(Provided entries begins)

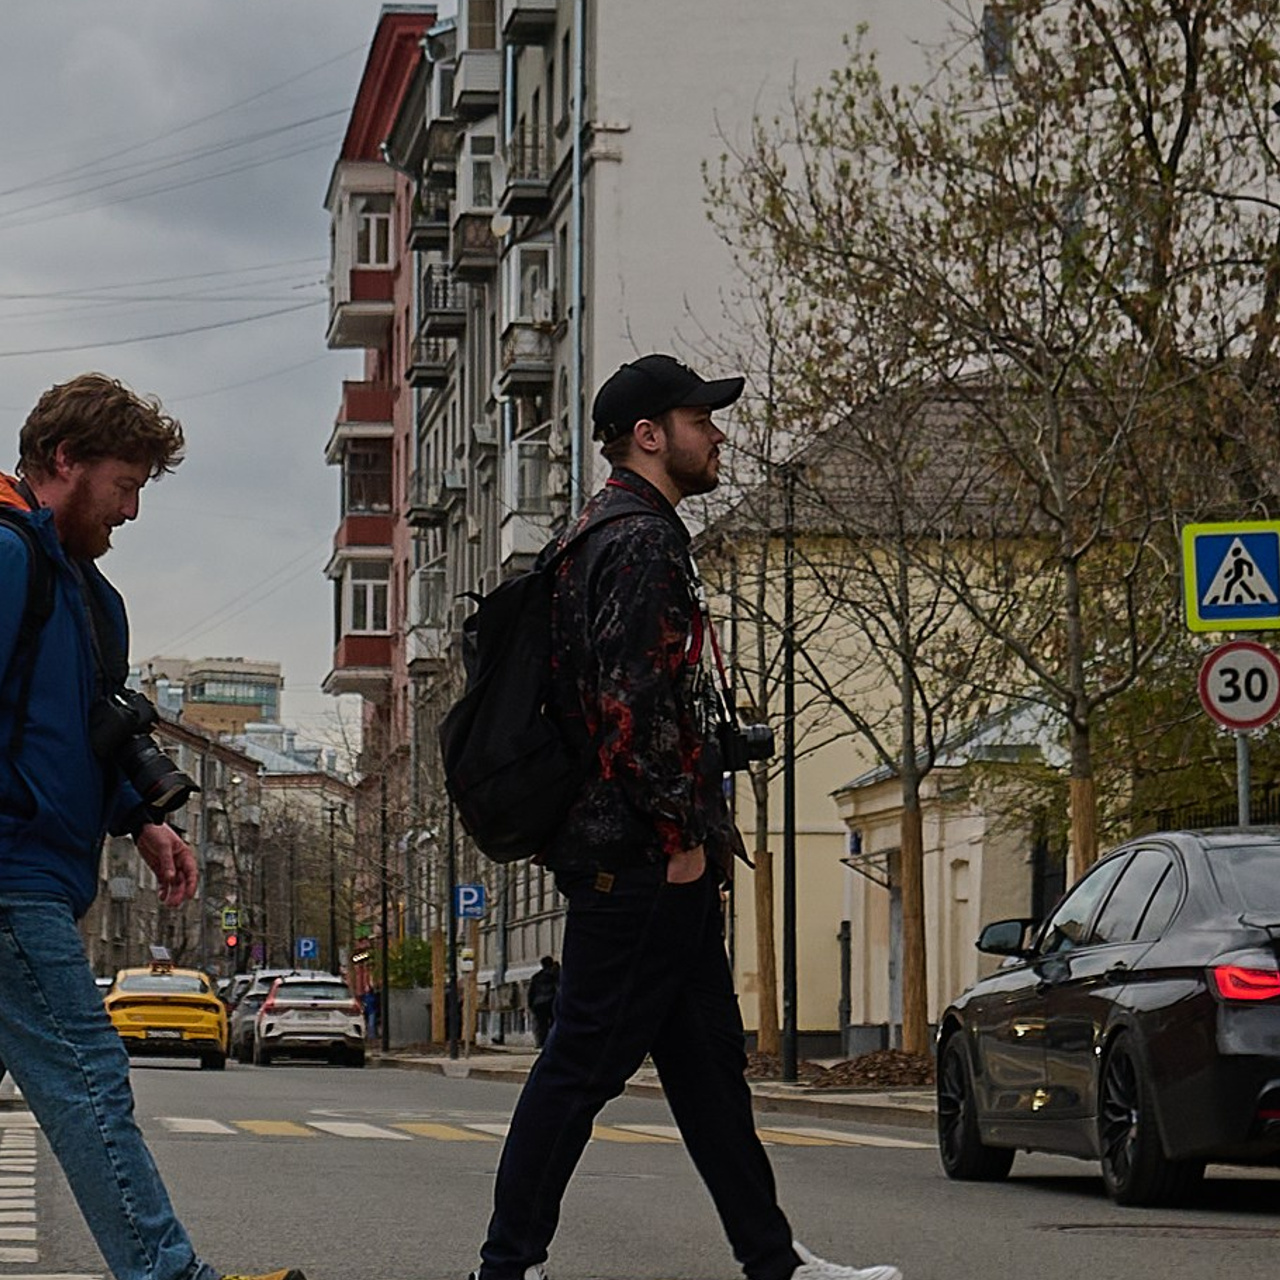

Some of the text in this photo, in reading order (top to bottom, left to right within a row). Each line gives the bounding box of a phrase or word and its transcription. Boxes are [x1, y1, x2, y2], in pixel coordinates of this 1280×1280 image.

[1218, 667, 1268, 703] 30
[459, 887, 478, 914] P
[300, 939, 314, 957] P
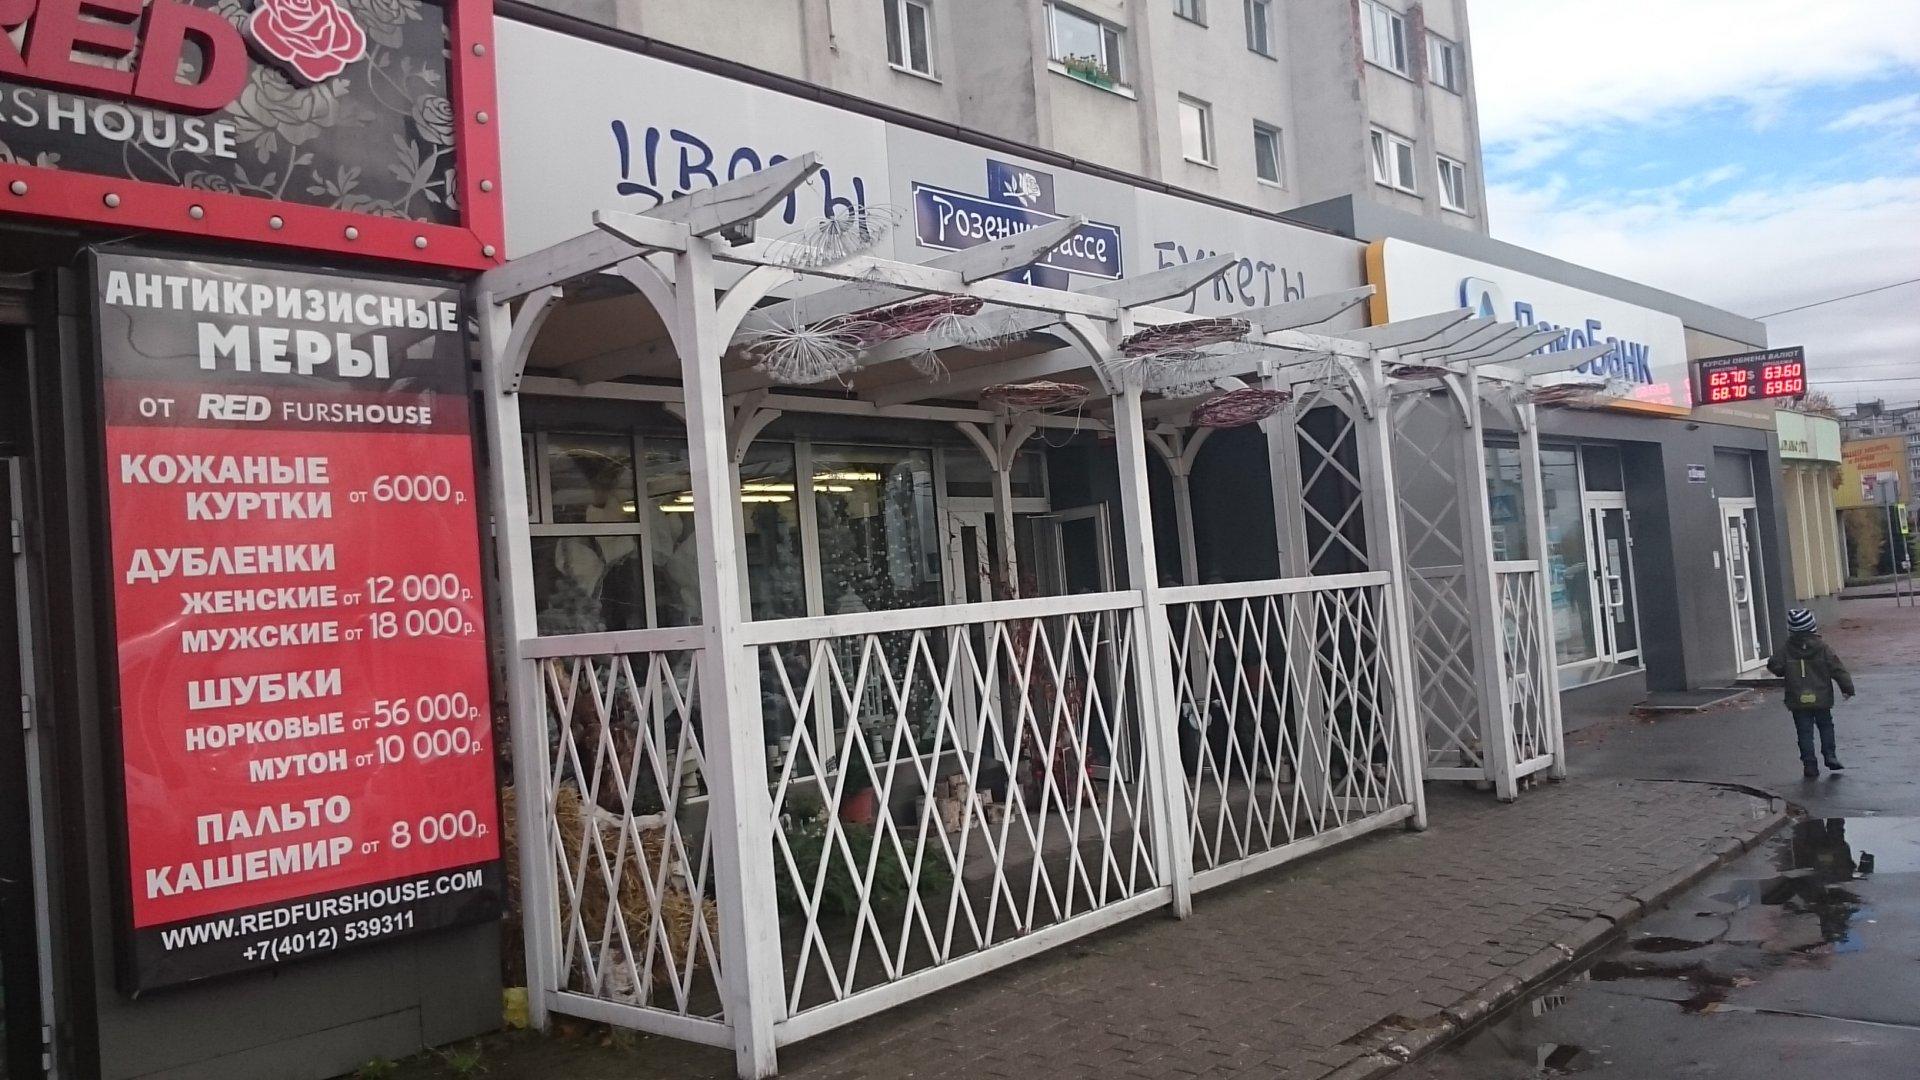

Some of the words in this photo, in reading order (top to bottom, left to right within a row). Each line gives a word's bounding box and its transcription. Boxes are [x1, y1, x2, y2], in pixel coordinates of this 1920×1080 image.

[0, 87, 238, 159] SHOUSE
[106, 270, 458, 331] АНТИКРИЗИСНЫЕ
[198, 323, 390, 379] МЕРЫ
[1710, 370, 1746, 386] 62.70
[1764, 364, 1801, 380] 63.60
[1712, 385, 1747, 401] 68.70
[1766, 379, 1802, 395] 69.60
[198, 394, 271, 421] RED
[283, 403, 432, 425] FURSHOUSE
[121, 455, 329, 485] КОЖАНЫЕ
[373, 476, 451, 502] 6000
[187, 492, 332, 521] КУРТКИ
[126, 544, 335, 584] ДУБЛЕНКИ
[181, 587, 337, 615] ЖЕНСКИЕ
[182, 622, 338, 654] МУЖСКИЕ
[188, 669, 342, 710] ШУБКИ
[186, 712, 344, 751] НОРКОВЫЕ
[249, 750, 348, 783] МУТОН
[197, 796, 350, 845] ПАЛЬТО
[146, 836, 352, 899] КАШЕМИР
[161, 869, 482, 950] WWW.REDFURSHOUSE.COM
[243, 928, 338, 961] +7(4012)
[345, 911, 415, 942] 539311
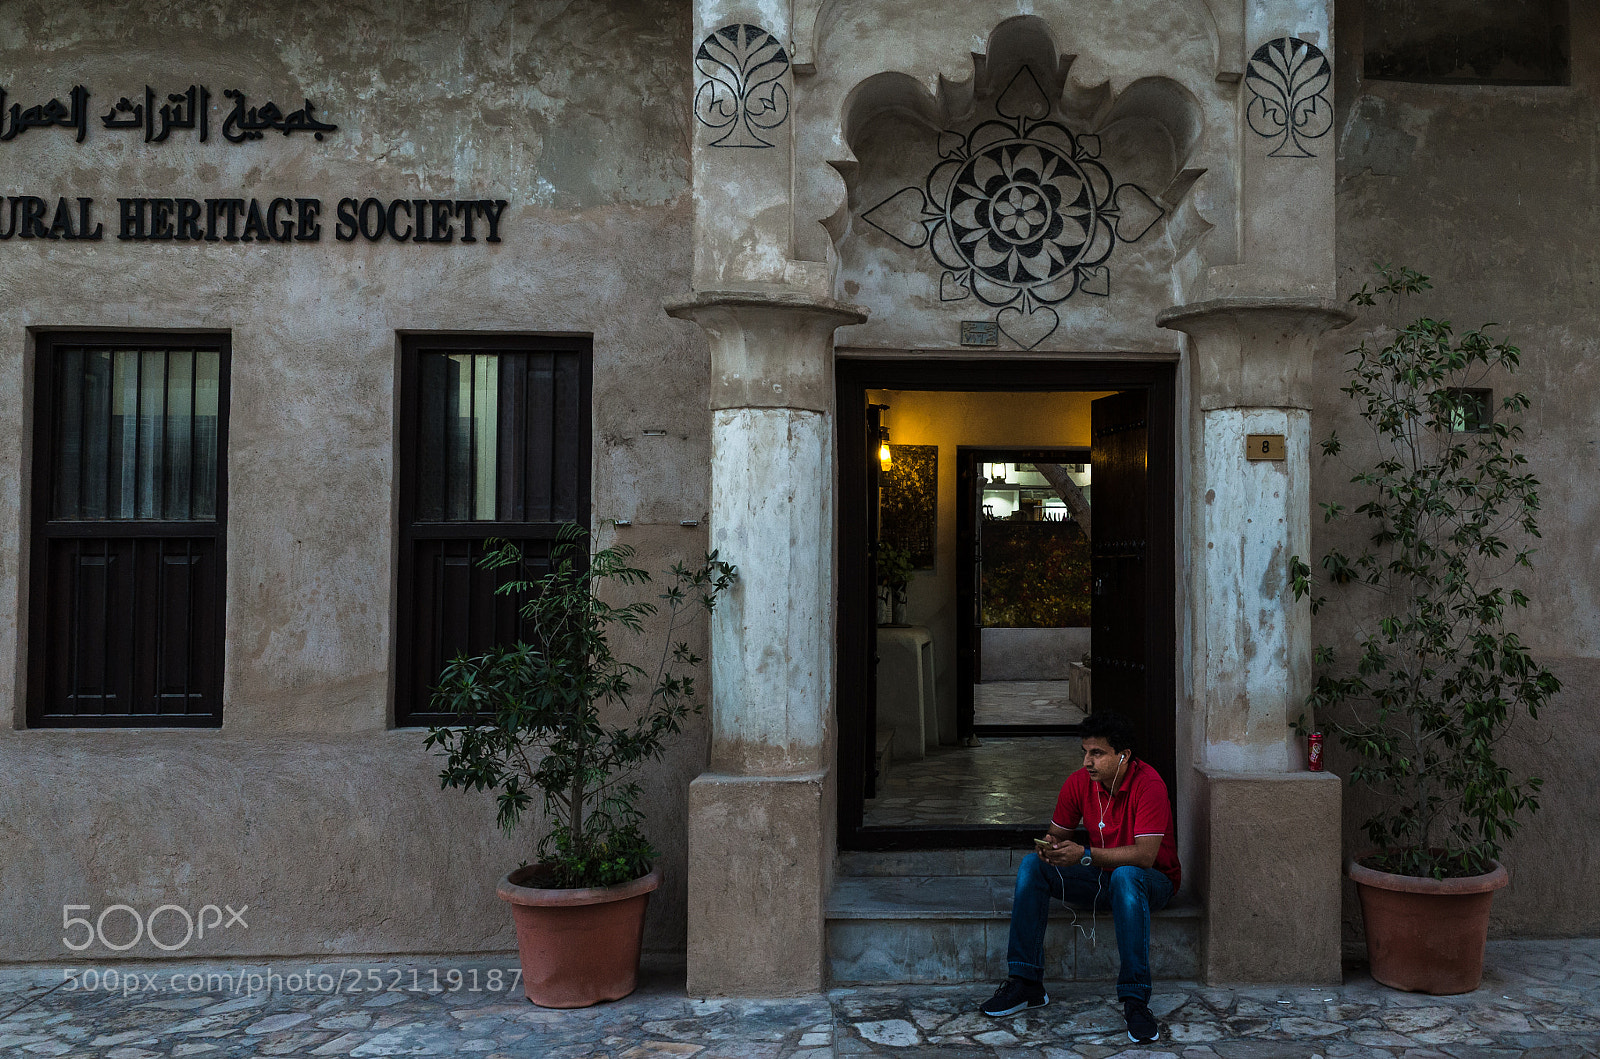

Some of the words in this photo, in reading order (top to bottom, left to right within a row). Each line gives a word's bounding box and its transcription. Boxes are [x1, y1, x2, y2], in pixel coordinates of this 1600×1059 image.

[101, 84, 212, 144] التراث
[222, 88, 338, 144] جمعية
[117, 197, 321, 244] HERITAGE
[336, 197, 508, 245] SOCIETY
[1262, 440, 1270, 453] 8

(Provided entries ends)

• _Exercise requirements_
Please write out, exactly as they appear, only the lines from the one holding "this 1600×1059 image." through the end of the data.

• _Expected answer_
Some of the words in this photo, in reading order (top to bottom, left to right within a row). Each line gives a word's bounding box and its transcription. Boxes are [x1, y1, x2, y2], in pixel coordinates of this 1600×1059 image.

[101, 84, 212, 144] التراث
[222, 88, 338, 144] جمعية
[117, 197, 321, 244] HERITAGE
[336, 197, 508, 245] SOCIETY
[1262, 440, 1270, 453] 8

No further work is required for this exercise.